§ ASSIGNMENT
Your reply should contain the whole listing below, repeated exactly, and no images.

§ LISTED ENTRIES

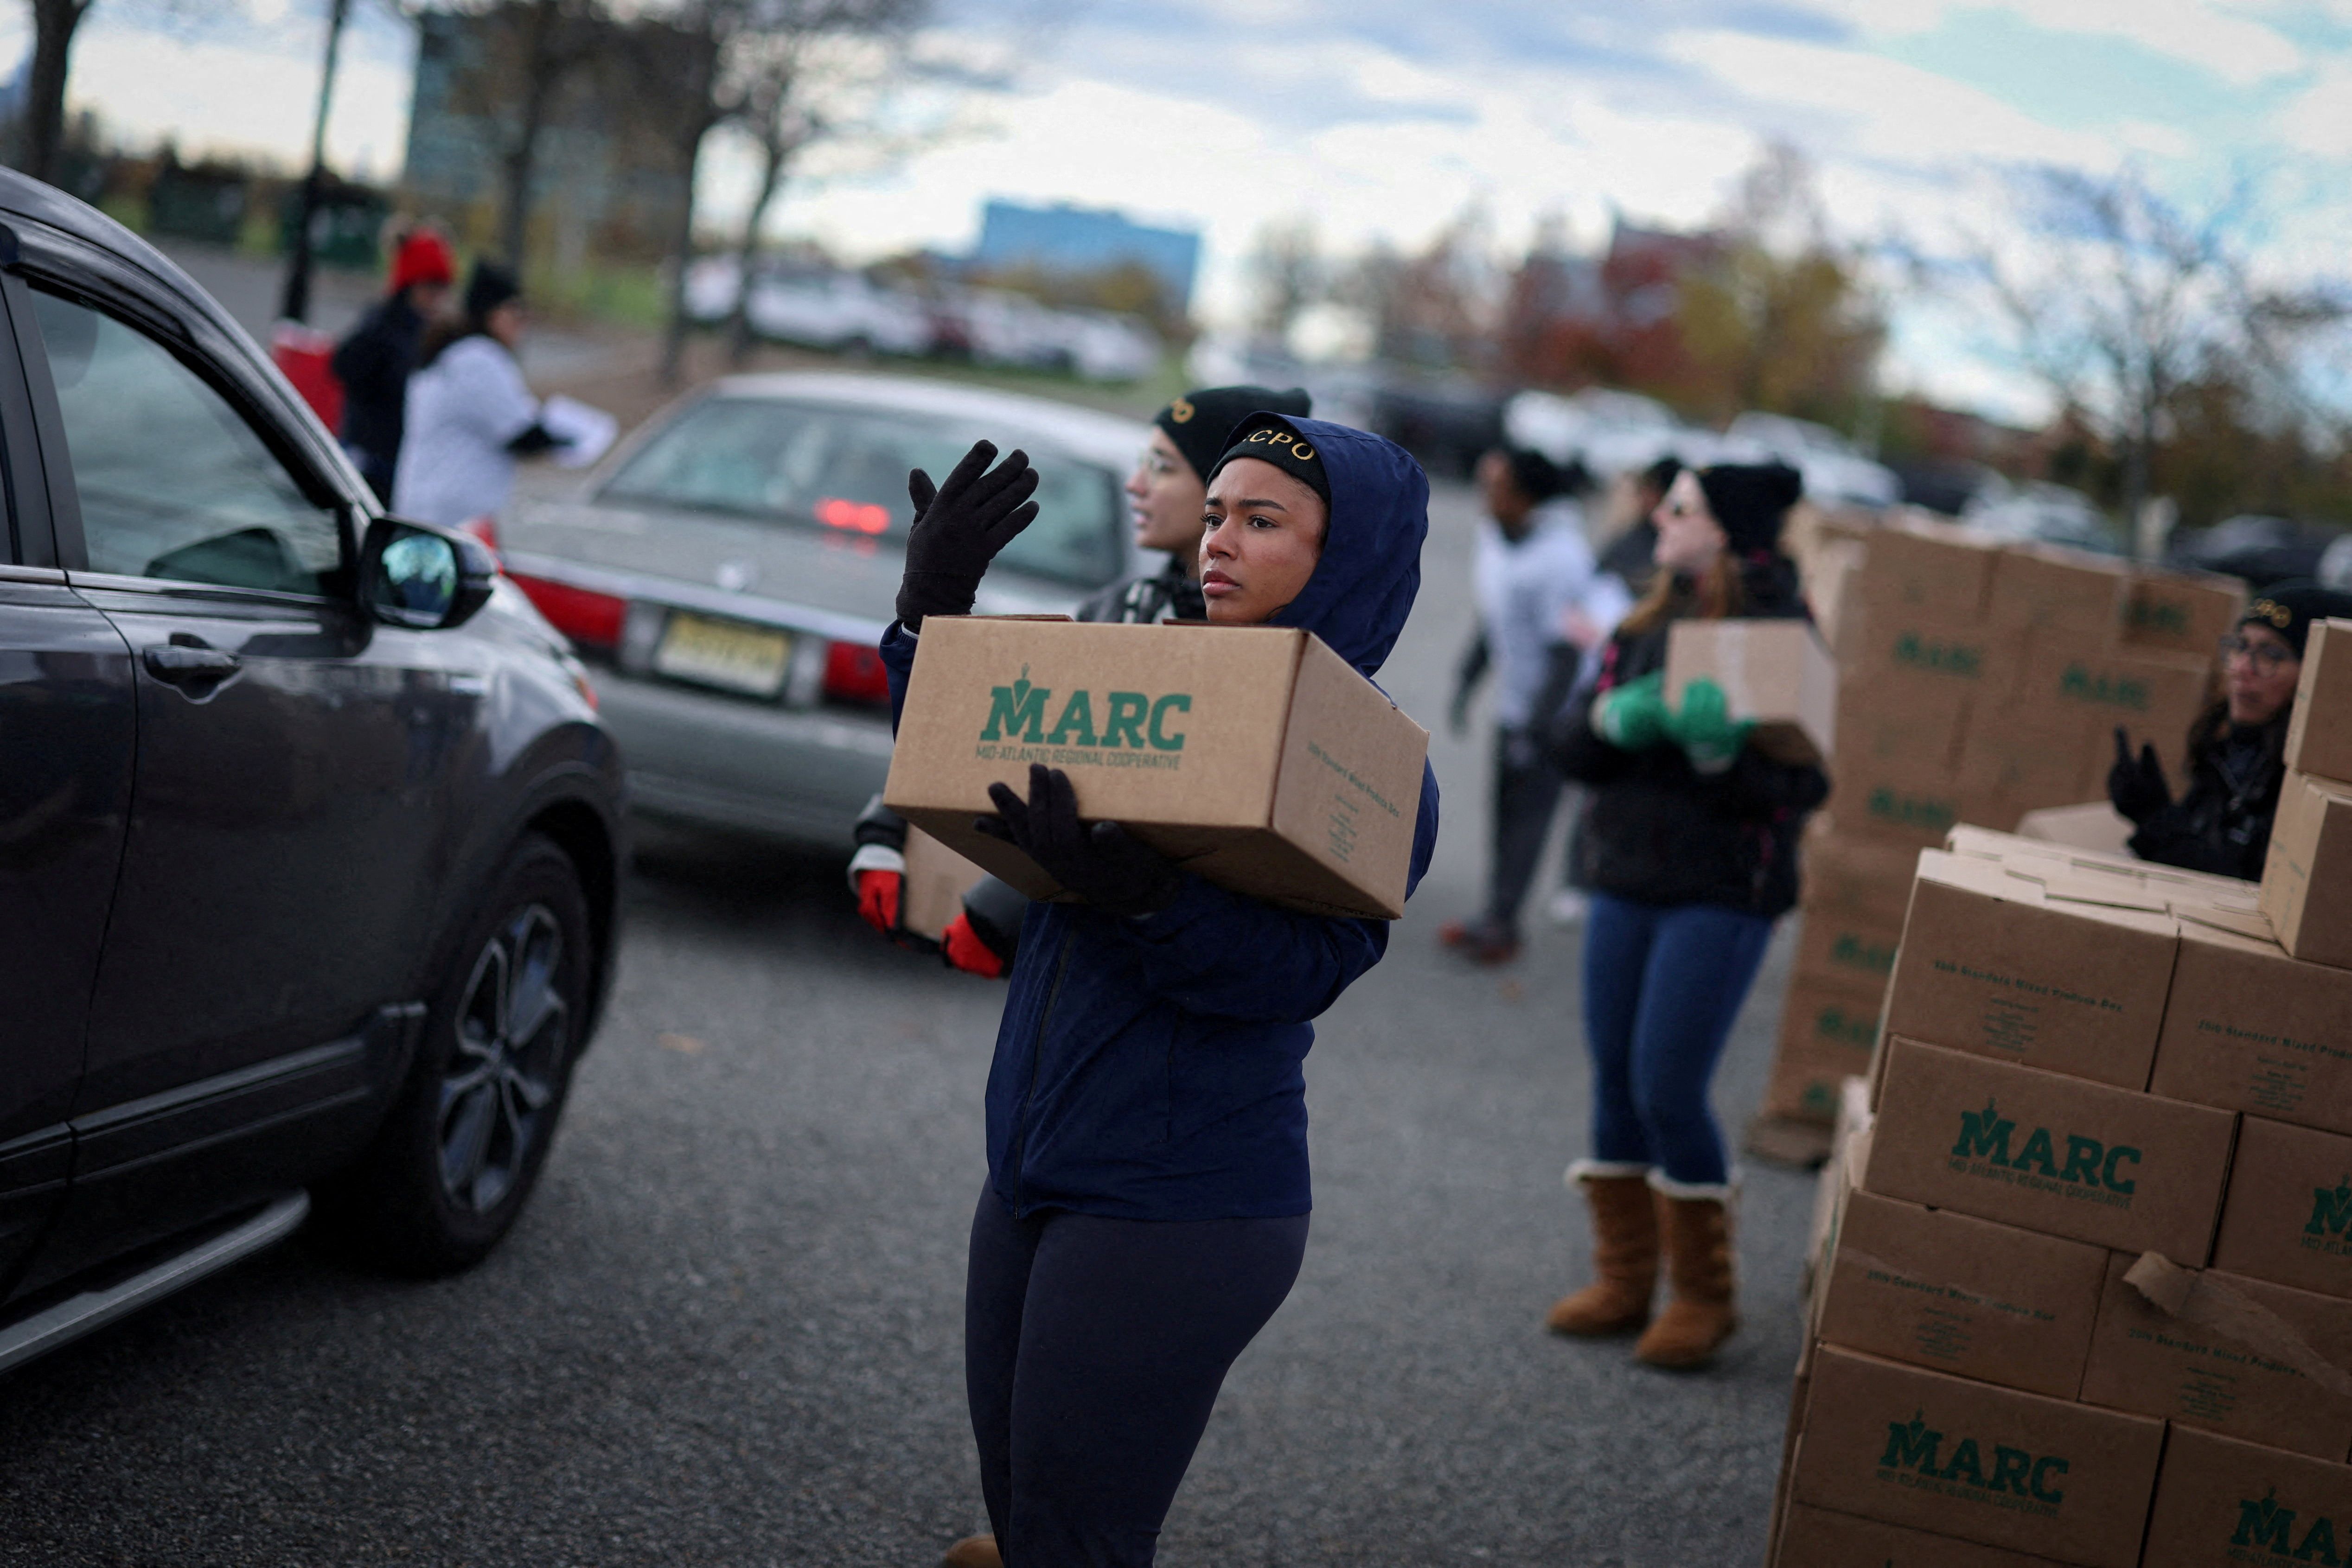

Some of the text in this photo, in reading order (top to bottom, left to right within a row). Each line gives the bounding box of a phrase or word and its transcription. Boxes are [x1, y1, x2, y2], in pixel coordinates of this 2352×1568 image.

[1243, 429, 1316, 460] CPO
[980, 680, 1192, 750] MARC
[976, 746, 1181, 770] MID-ATLANTIC REGIONAL COOPERATIVE
[2101, 997, 2122, 1013] Box
[1951, 1108, 2142, 1195] MARC
[2066, 1184, 2133, 1210] COOPERATIVE
[1879, 1420, 2070, 1504] MARC
[2230, 1498, 2352, 1568] MA

§ RESULT OF THE TASK
Some of the text in this photo, in reading order (top to bottom, left to right within a row). Each line gives the bounding box of a phrase or word and its transcription. Boxes are [x1, y1, x2, y2], in pixel coordinates of this 2352×1568 image.

[1243, 429, 1316, 460] CPO
[980, 680, 1192, 750] MARC
[976, 746, 1181, 770] MID-ATLANTIC REGIONAL COOPERATIVE
[2101, 997, 2122, 1013] Box
[1951, 1108, 2142, 1195] MARC
[2066, 1184, 2133, 1210] COOPERATIVE
[1879, 1420, 2070, 1504] MARC
[2230, 1498, 2352, 1568] MA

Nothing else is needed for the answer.